Life as a redneck princess continues…

So…obviously during part one of life as a redneck princess, I was having some severe boy difficulties…wasn't really the boys fault this time…though… he really wasn't listening. But low and freaking behold, it was all my stuff. I own it. I have committment issues. I have had three serious relationships in my life, and my boy now, was also the first boy.

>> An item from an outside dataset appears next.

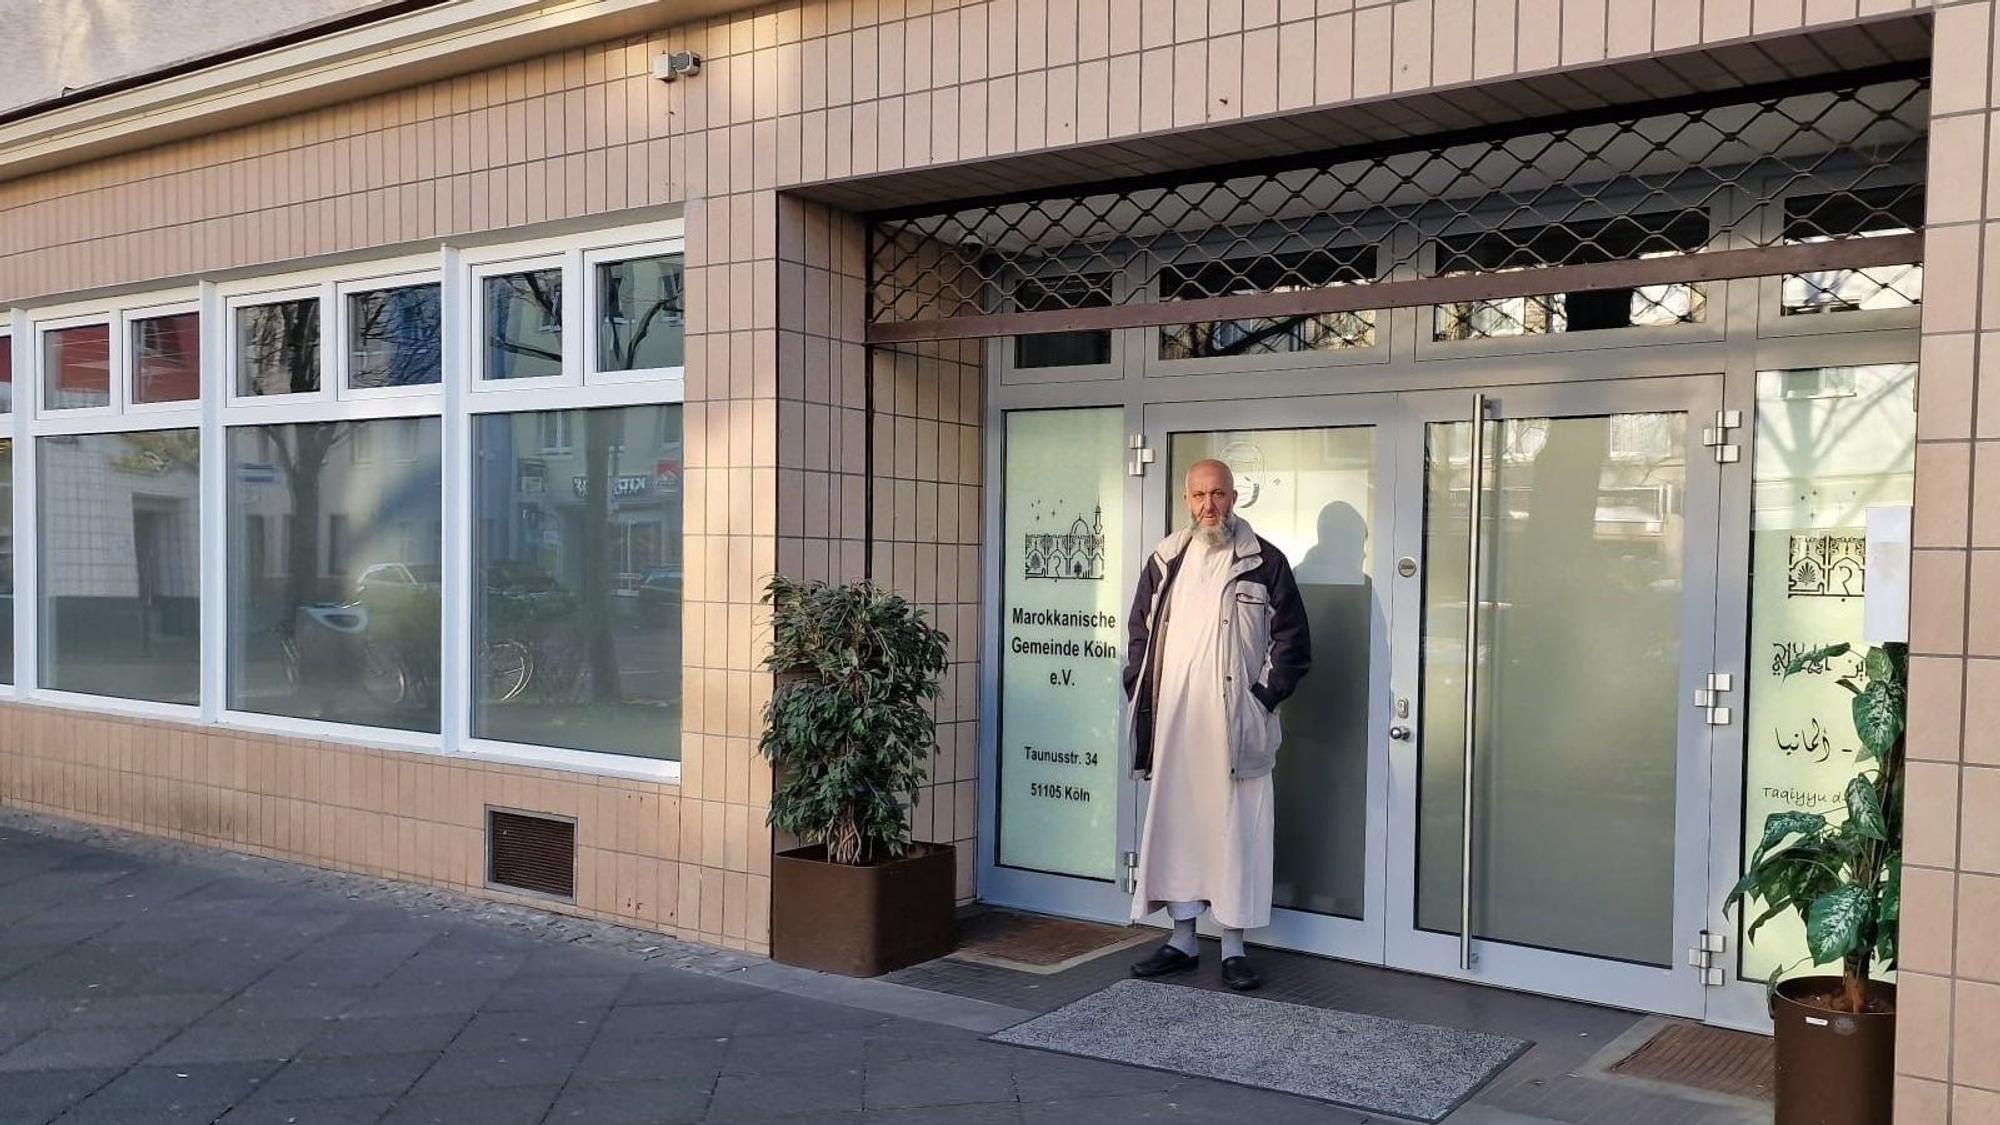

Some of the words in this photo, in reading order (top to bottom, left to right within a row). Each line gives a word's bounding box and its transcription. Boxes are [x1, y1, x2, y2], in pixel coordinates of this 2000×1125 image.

I have never truly committed to anyone since him.  So we have a reconciliation 25 years later, and I do everything in my power to sabatoge it…what the hell is up with that?  I was doing everything I was accusing him of doing, maybe worse..

 

then….he told me he loved me….

 

well I have been waiting for those words from him my whole life…and we were broken up, and I didn't expect it, or have any idea what the hell to do with the information…I mean come on, my sabatoge was going perfectly, he was nearly gone from my life again, leaving me again to wonder for 25 years if maybe we could have made it this time…

 

then he wrote me a letter, and read it to me on the phone…what?? A boy that actually calls me on my shit??? Another unexpected move…no one calls me on my shit…well except Diann and Karen…boys never have the guts…he did…

 

so I process for a few days…cause shit…now what?  I am going to have to own some stuff here, maybe be an adult and have a real relationship…I am terrrified…

 

but in the end, I realize that he is offereing me everything I have been telling myself I am looking for, and he freaking loves me through everything I have ever put him through…oh he is no angel either, but I am fairly hard to handle…and he seems to be willing to try…

 

so the bell has been rung for round 4…yes that is correct, this will be our fourth try, we can't seem to leave each other alone, so we had better figure out how to grow old together here :)  all is good, life is amazing, and obviously with us, it will never be boring, what else could a girl ask for???